John J. Donovan, Pres. 
(541) 343-3400

"Not Absolutely Certain, Yet Reliable"

John Donovan

  • Administrator
  • Emeritus
  • *****
  • Posts: 2443
  • Other duties as assigned...
    • Probe Software
Re: Classify feature, K-means clustering for phase identification
« Reply #3 on: April 28, 2018, 03:01:53 pm »
And here is a k-means phase classification with 10 phases which looks reasonable:



Then just for fun I ran the modal analysis feature in CalcImage (from the Image Processing | Calculate Modal Abundances menu) and after matching to the (default) DHZ mineral database, we get the following results:



When we click the Calculate Modal Parameters button we get this output from Surfer:



I just noticed that the above image looks a little funny, and the reason is because the default for Surfer (v. 13 and higher)  now is to have "hill shading" turned on, so I will fix that in the script, but in the meantime we simply uncheck this box and it looks more like *microanalysis*:



But in any case clearly the DHZ database is limited to rock forming minerals, so we'd probably want to utilize a more complete match database such as the the AMCSD.MDB mineral database which contains over 4000 (ideal) minerals. 

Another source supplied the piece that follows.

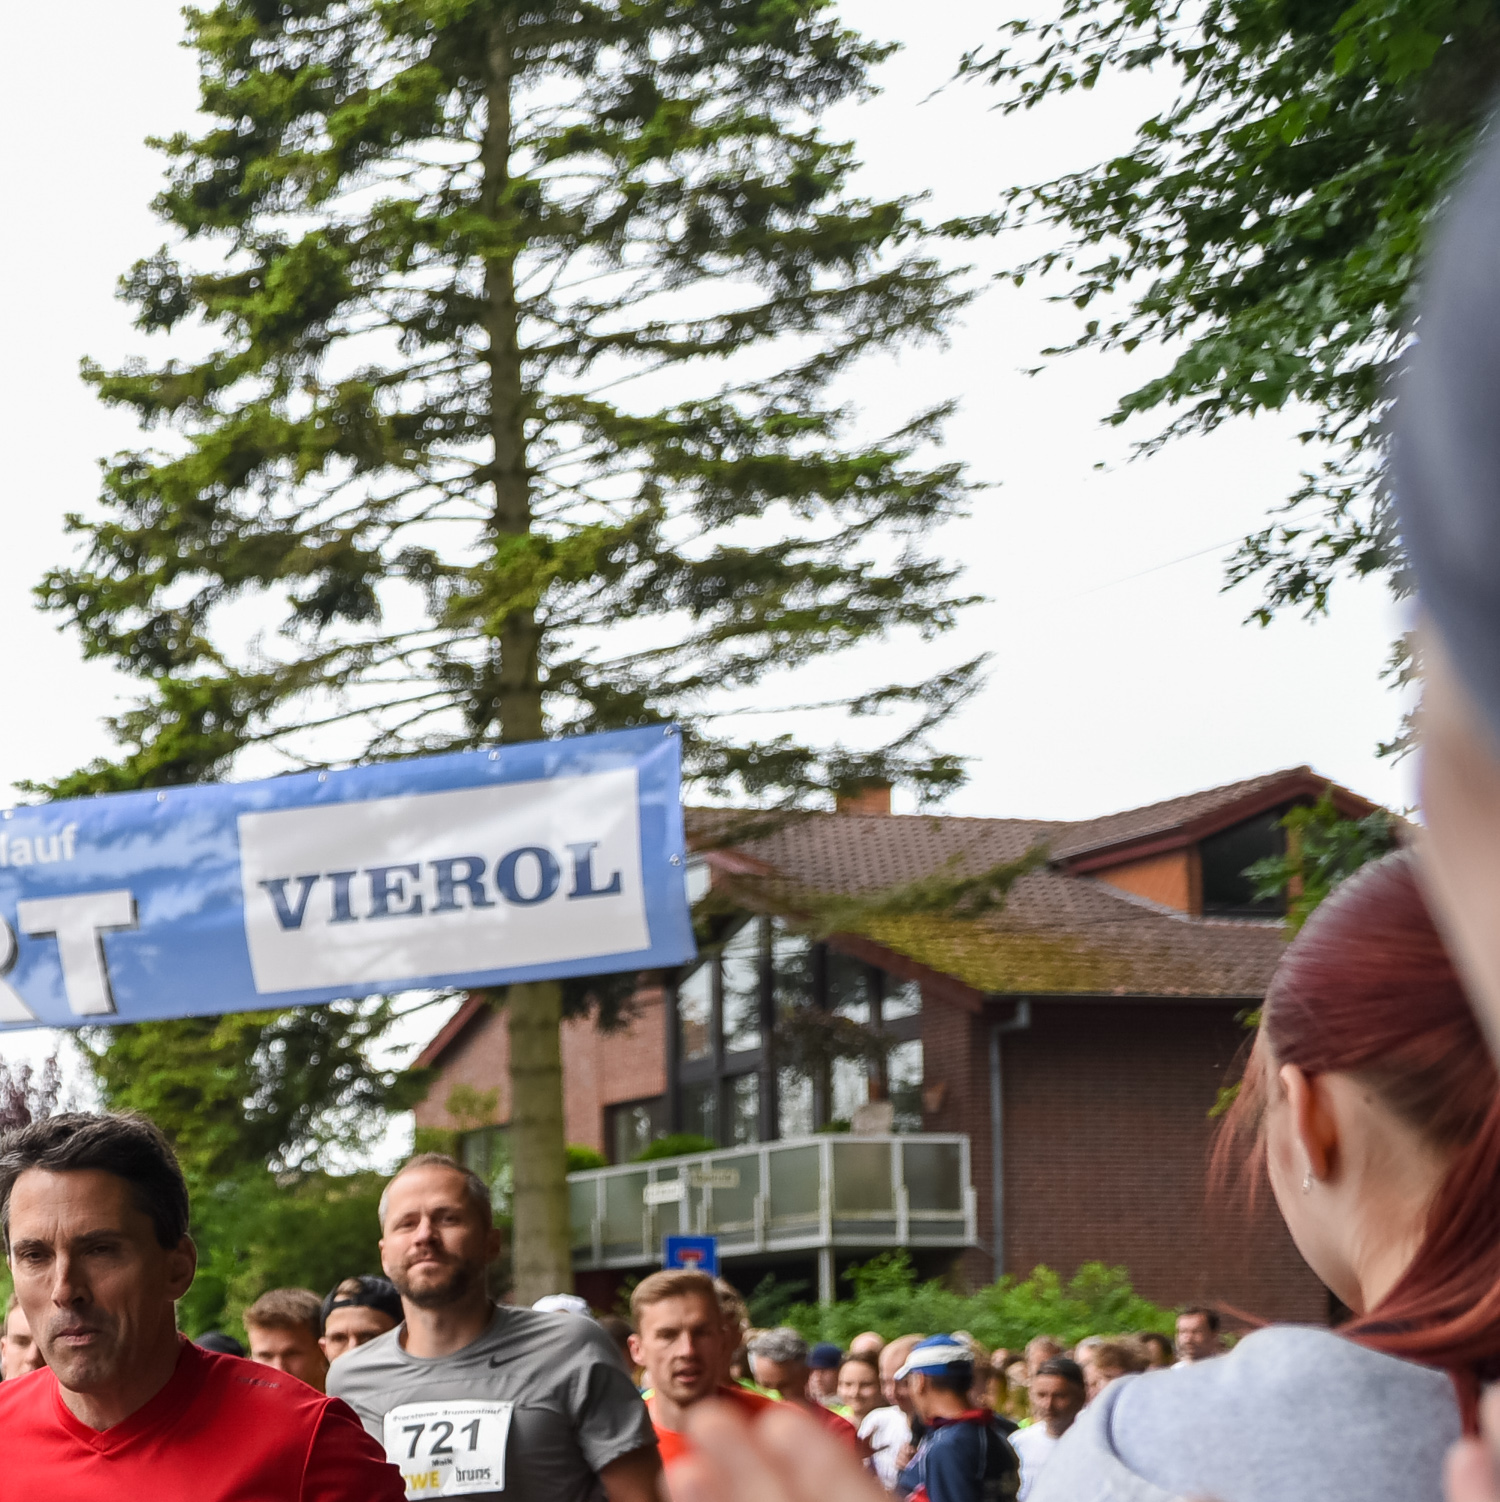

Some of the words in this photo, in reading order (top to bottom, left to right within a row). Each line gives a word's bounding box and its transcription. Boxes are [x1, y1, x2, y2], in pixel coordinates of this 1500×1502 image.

[258, 842, 622, 932] VIEROL
[402, 1418, 481, 1459] 721
[405, 1470, 440, 1491] WE
[455, 1467, 491, 1482] bruns

Anyway, just a quick review so you all know what is available already in CalcImage.  More details can be found by searching the CalcImage board.
« Last Edit: April 28, 2018, 10:38:36 pm by John Donovan »
John J. Donovan, Pres. 
(541) 343-3400

"Not Absolutely Certain, Yet Reliable"

John Donovan

  • Administrator
  • Emeritus
  • *****
  • Posts: 2443
  • Other duties as assigned...
    • Probe Software
Re: Classify feature, K-means clustering for phase identification
« Reply #4 on: April 16, 2019, 10:16:35 pm »
We made a small change to the Classify window in CalcImage to improve how images are handled when the current instrument configuration (JEOL vs. Cameca) loads a classify .DAT file which is from the "other" instrument.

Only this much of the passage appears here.